• [What is needed]: Transcribe the entries below exactly, starting with the line that has "this 1920×1440 image." and stopping after the line that has "Some of the words"; no pictures belong in the copy.

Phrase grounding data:

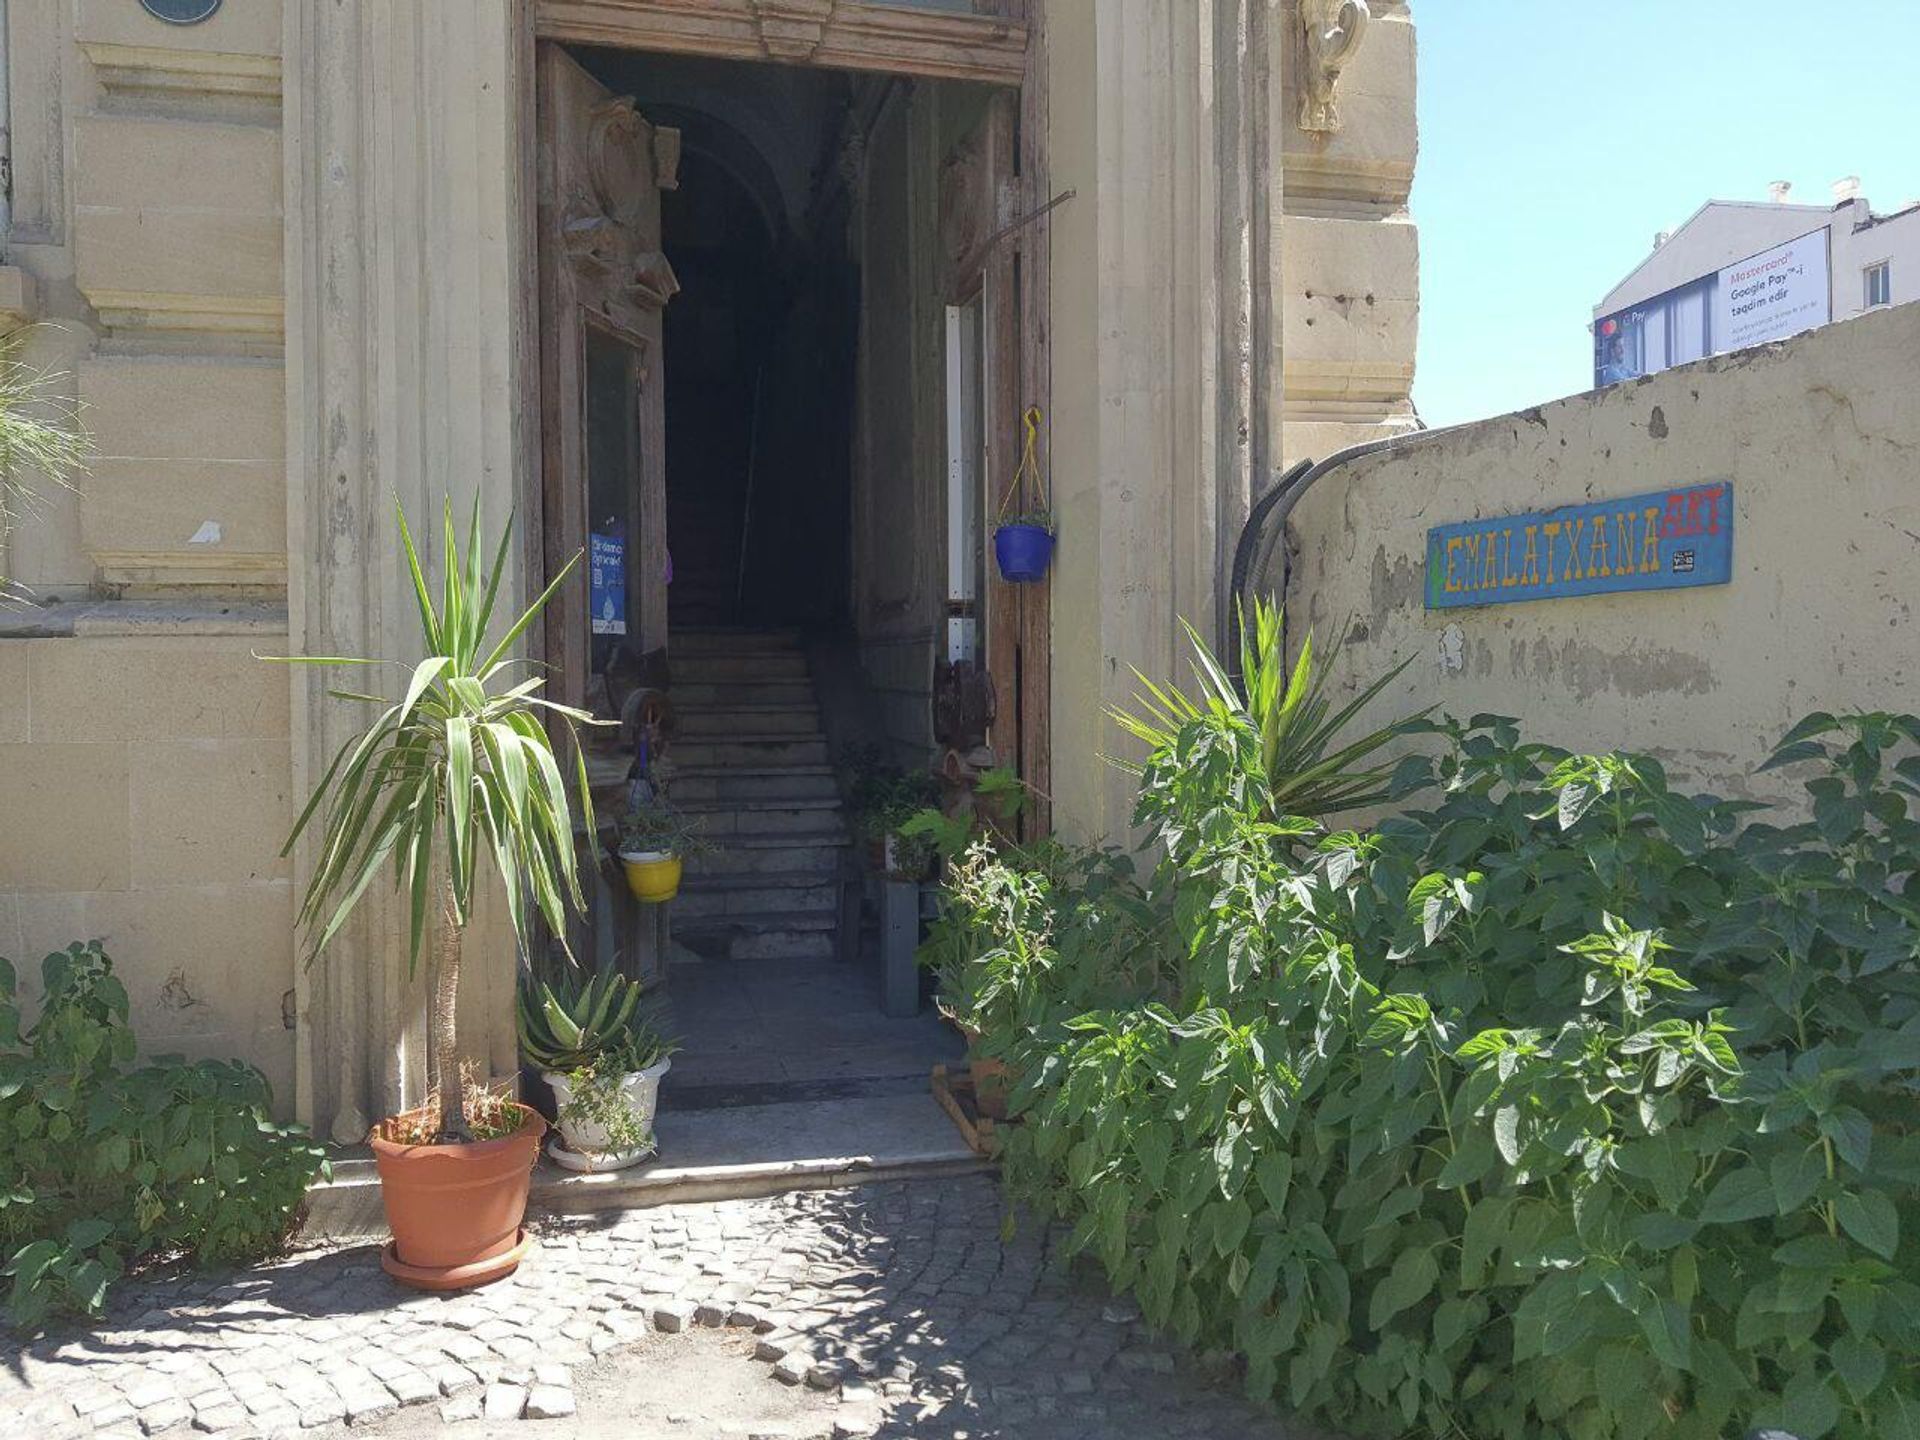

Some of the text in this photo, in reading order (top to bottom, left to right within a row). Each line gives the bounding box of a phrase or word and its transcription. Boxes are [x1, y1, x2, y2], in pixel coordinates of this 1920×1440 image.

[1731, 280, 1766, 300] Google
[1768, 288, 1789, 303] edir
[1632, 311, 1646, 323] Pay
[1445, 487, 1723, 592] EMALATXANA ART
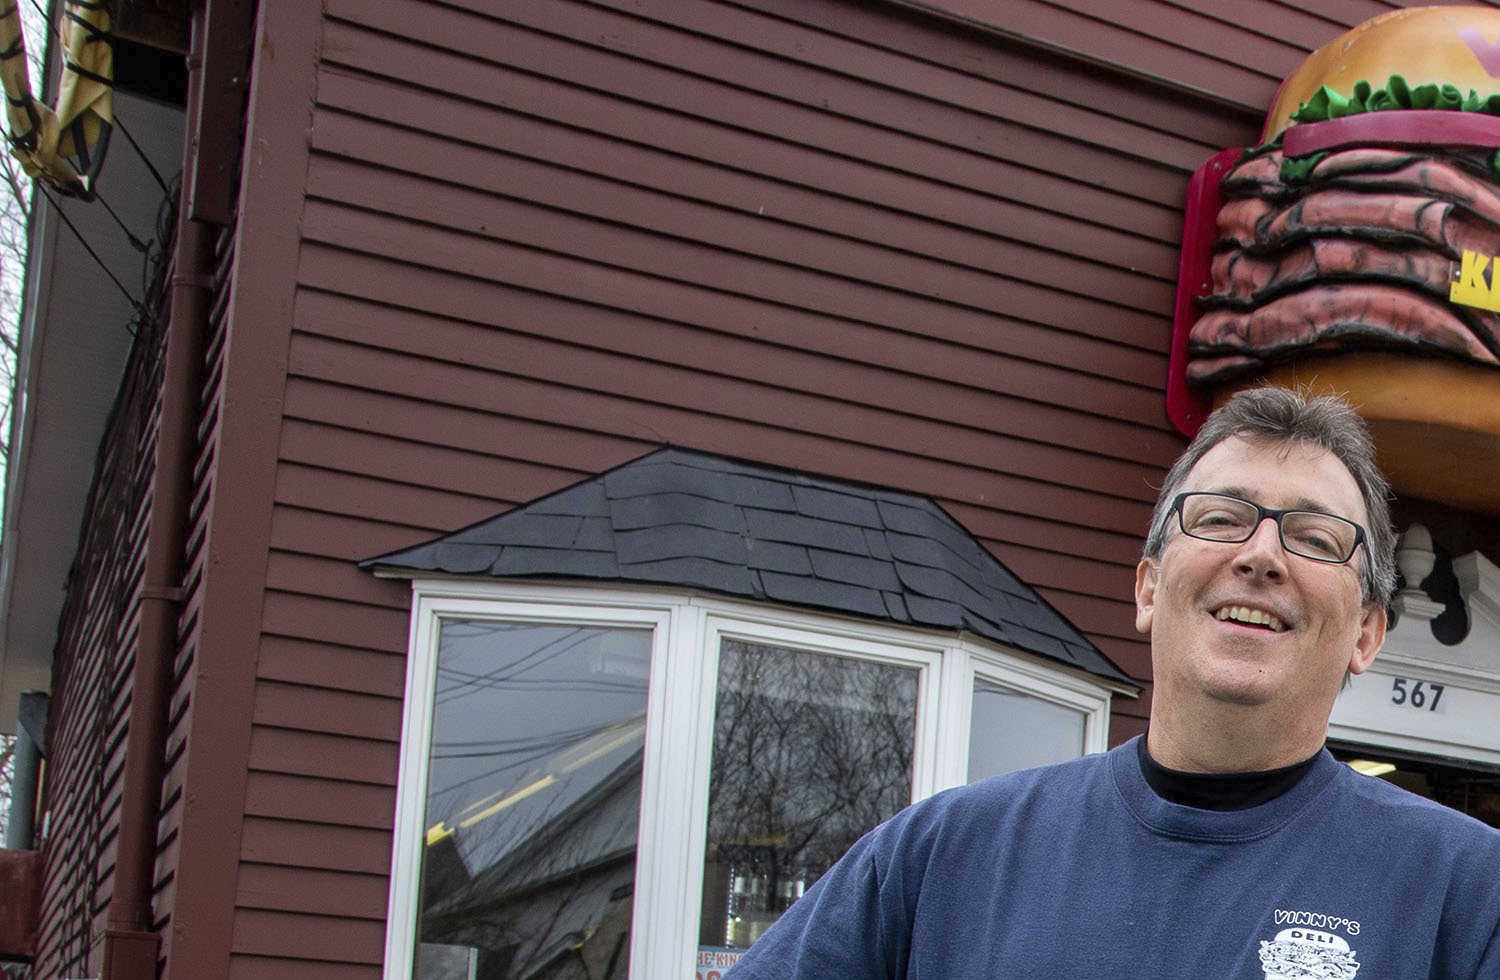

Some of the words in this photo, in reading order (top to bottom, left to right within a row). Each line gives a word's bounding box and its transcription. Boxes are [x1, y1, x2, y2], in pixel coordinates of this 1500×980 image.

==

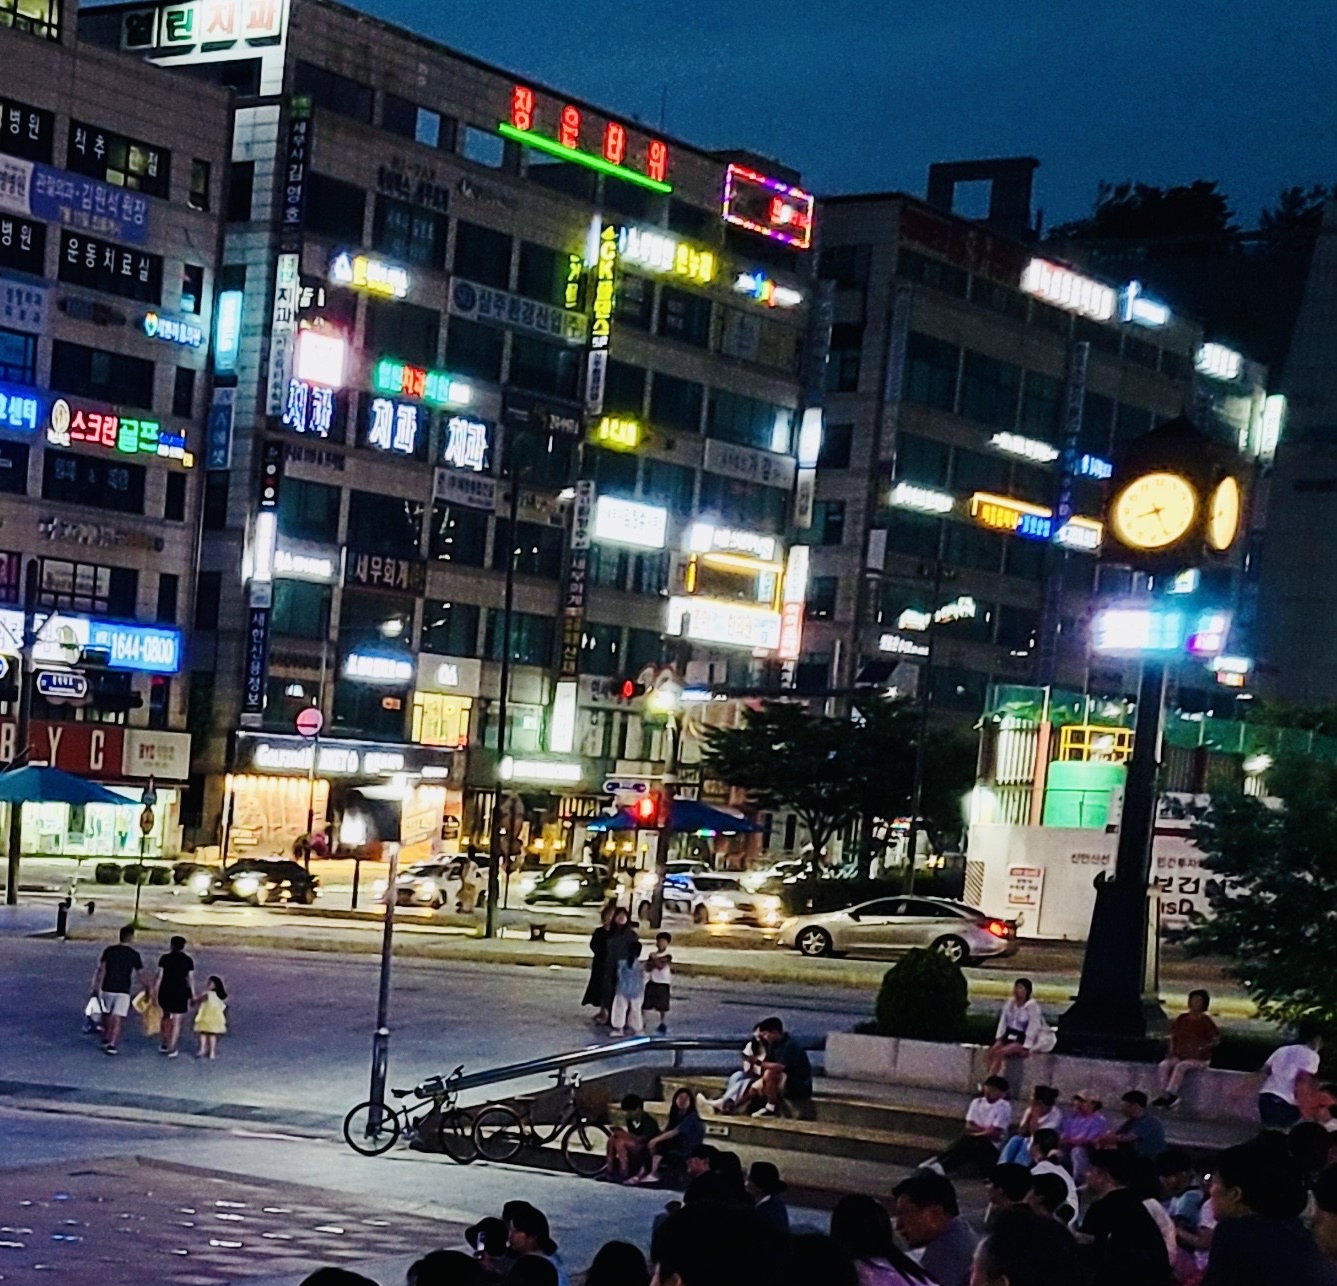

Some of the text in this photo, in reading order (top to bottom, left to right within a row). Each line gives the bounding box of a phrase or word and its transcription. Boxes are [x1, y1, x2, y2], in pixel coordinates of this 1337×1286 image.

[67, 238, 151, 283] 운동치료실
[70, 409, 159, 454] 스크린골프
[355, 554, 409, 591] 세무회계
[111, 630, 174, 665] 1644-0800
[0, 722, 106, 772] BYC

• [Exercise solution]:
Some of the text in this photo, in reading order (top to bottom, left to right within a row). Each line gives the bounding box of a phrase or word and its transcription. Boxes are [x1, y1, x2, y2], in pixel coordinates of this 1920×1440 image.

[1731, 280, 1766, 300] Google
[1768, 288, 1789, 303] edir
[1632, 311, 1646, 323] Pay
[1445, 487, 1723, 592] EMALATXANA ART

Some of the words in this photo, in reading order (top to bottom, left to right within a row). Each line gives a word's bounding box and its transcription. Boxes are [x1, y1, x2, y2], in pixel coordinates of this 1500×980 image.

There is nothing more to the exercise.